Records for this task:
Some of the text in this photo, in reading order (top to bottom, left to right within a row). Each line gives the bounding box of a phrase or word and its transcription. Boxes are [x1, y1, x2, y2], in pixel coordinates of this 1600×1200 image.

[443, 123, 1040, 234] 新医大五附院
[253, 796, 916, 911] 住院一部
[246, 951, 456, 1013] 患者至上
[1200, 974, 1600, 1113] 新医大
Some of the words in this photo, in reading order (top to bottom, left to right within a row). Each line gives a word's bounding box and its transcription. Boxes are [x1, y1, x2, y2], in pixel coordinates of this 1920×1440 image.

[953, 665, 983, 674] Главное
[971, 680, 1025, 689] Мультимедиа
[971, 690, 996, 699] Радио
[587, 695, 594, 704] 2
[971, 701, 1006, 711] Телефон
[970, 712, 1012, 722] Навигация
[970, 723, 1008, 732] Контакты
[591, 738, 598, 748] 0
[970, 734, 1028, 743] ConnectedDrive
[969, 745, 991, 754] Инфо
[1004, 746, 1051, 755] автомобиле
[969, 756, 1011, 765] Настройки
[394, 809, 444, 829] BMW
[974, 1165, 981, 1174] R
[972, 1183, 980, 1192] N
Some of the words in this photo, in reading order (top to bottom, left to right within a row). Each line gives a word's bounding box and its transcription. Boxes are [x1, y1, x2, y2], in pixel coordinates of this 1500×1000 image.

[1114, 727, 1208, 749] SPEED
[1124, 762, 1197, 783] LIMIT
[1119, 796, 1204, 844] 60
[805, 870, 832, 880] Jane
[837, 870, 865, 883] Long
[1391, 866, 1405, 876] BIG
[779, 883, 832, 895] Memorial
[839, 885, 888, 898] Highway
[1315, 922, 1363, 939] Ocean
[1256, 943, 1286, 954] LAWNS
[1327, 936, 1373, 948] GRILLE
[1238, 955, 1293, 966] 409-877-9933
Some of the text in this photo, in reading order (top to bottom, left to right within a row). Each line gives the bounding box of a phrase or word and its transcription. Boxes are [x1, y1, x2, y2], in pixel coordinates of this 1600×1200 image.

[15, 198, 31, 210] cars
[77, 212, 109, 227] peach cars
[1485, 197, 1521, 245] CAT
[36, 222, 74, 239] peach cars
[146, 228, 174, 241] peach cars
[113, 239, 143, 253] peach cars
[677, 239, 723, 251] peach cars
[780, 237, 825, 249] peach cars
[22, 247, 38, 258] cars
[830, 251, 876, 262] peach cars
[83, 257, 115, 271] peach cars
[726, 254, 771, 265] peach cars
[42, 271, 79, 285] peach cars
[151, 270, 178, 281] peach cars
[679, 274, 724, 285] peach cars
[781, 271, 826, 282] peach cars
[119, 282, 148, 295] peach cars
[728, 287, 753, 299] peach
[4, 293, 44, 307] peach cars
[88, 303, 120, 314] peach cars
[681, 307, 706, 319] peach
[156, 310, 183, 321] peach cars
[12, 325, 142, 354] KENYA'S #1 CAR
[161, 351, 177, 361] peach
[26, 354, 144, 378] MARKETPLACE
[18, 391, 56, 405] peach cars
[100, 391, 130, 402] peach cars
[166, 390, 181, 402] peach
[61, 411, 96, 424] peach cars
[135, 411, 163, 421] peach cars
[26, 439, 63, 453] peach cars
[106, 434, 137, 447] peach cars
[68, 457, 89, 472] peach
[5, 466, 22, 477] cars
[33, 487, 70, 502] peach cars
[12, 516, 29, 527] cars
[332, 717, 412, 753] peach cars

How to complete this task: From the first line to the last, copy the records exactly as they appear above.

Solution to the exercise:
Some of the text in this photo, in reading order (top to bottom, left to right within a row). Each line gives the bounding box of a phrase or word and its transcription. Boxes are [x1, y1, x2, y2], in pixel coordinates of this 1600×1200 image.

[443, 123, 1040, 234] 新医大五附院
[253, 796, 916, 911] 住院一部
[246, 951, 456, 1013] 患者至上
[1200, 974, 1600, 1113] 新医大
Some of the words in this photo, in reading order (top to bottom, left to right within a row). Each line gives a word's bounding box and its transcription. Boxes are [x1, y1, x2, y2], in pixel coordinates of this 1920×1440 image.

[953, 665, 983, 674] Главное
[971, 680, 1025, 689] Мультимедиа
[971, 690, 996, 699] Радио
[587, 695, 594, 704] 2
[971, 701, 1006, 711] Телефон
[970, 712, 1012, 722] Навигация
[970, 723, 1008, 732] Контакты
[591, 738, 598, 748] 0
[970, 734, 1028, 743] ConnectedDrive
[969, 745, 991, 754] Инфо
[1004, 746, 1051, 755] автомобиле
[969, 756, 1011, 765] Настройки
[394, 809, 444, 829] BMW
[974, 1165, 981, 1174] R
[972, 1183, 980, 1192] N
Some of the words in this photo, in reading order (top to bottom, left to right within a row). Each line gives a word's bounding box and its transcription. Boxes are [x1, y1, x2, y2], in pixel coordinates of this 1500×1000 image.

[1114, 727, 1208, 749] SPEED
[1124, 762, 1197, 783] LIMIT
[1119, 796, 1204, 844] 60
[805, 870, 832, 880] Jane
[837, 870, 865, 883] Long
[1391, 866, 1405, 876] BIG
[779, 883, 832, 895] Memorial
[839, 885, 888, 898] Highway
[1315, 922, 1363, 939] Ocean
[1256, 943, 1286, 954] LAWNS
[1327, 936, 1373, 948] GRILLE
[1238, 955, 1293, 966] 409-877-9933
Some of the text in this photo, in reading order (top to bottom, left to right within a row). Each line gives the bounding box of a phrase or word and its transcription. Boxes are [x1, y1, x2, y2], in pixel coordinates of this 1600×1200 image.

[15, 198, 31, 210] cars
[77, 212, 109, 227] peach cars
[1485, 197, 1521, 245] CAT
[36, 222, 74, 239] peach cars
[146, 228, 174, 241] peach cars
[113, 239, 143, 253] peach cars
[677, 239, 723, 251] peach cars
[780, 237, 825, 249] peach cars
[22, 247, 38, 258] cars
[830, 251, 876, 262] peach cars
[83, 257, 115, 271] peach cars
[726, 254, 771, 265] peach cars
[42, 271, 79, 285] peach cars
[151, 270, 178, 281] peach cars
[679, 274, 724, 285] peach cars
[781, 271, 826, 282] peach cars
[119, 282, 148, 295] peach cars
[728, 287, 753, 299] peach
[4, 293, 44, 307] peach cars
[88, 303, 120, 314] peach cars
[681, 307, 706, 319] peach
[156, 310, 183, 321] peach cars
[12, 325, 142, 354] KENYA'S #1 CAR
[161, 351, 177, 361] peach
[26, 354, 144, 378] MARKETPLACE
[18, 391, 56, 405] peach cars
[100, 391, 130, 402] peach cars
[166, 390, 181, 402] peach
[61, 411, 96, 424] peach cars
[135, 411, 163, 421] peach cars
[26, 439, 63, 453] peach cars
[106, 434, 137, 447] peach cars
[68, 457, 89, 472] peach
[5, 466, 22, 477] cars
[33, 487, 70, 502] peach cars
[12, 516, 29, 527] cars
[332, 717, 412, 753] peach cars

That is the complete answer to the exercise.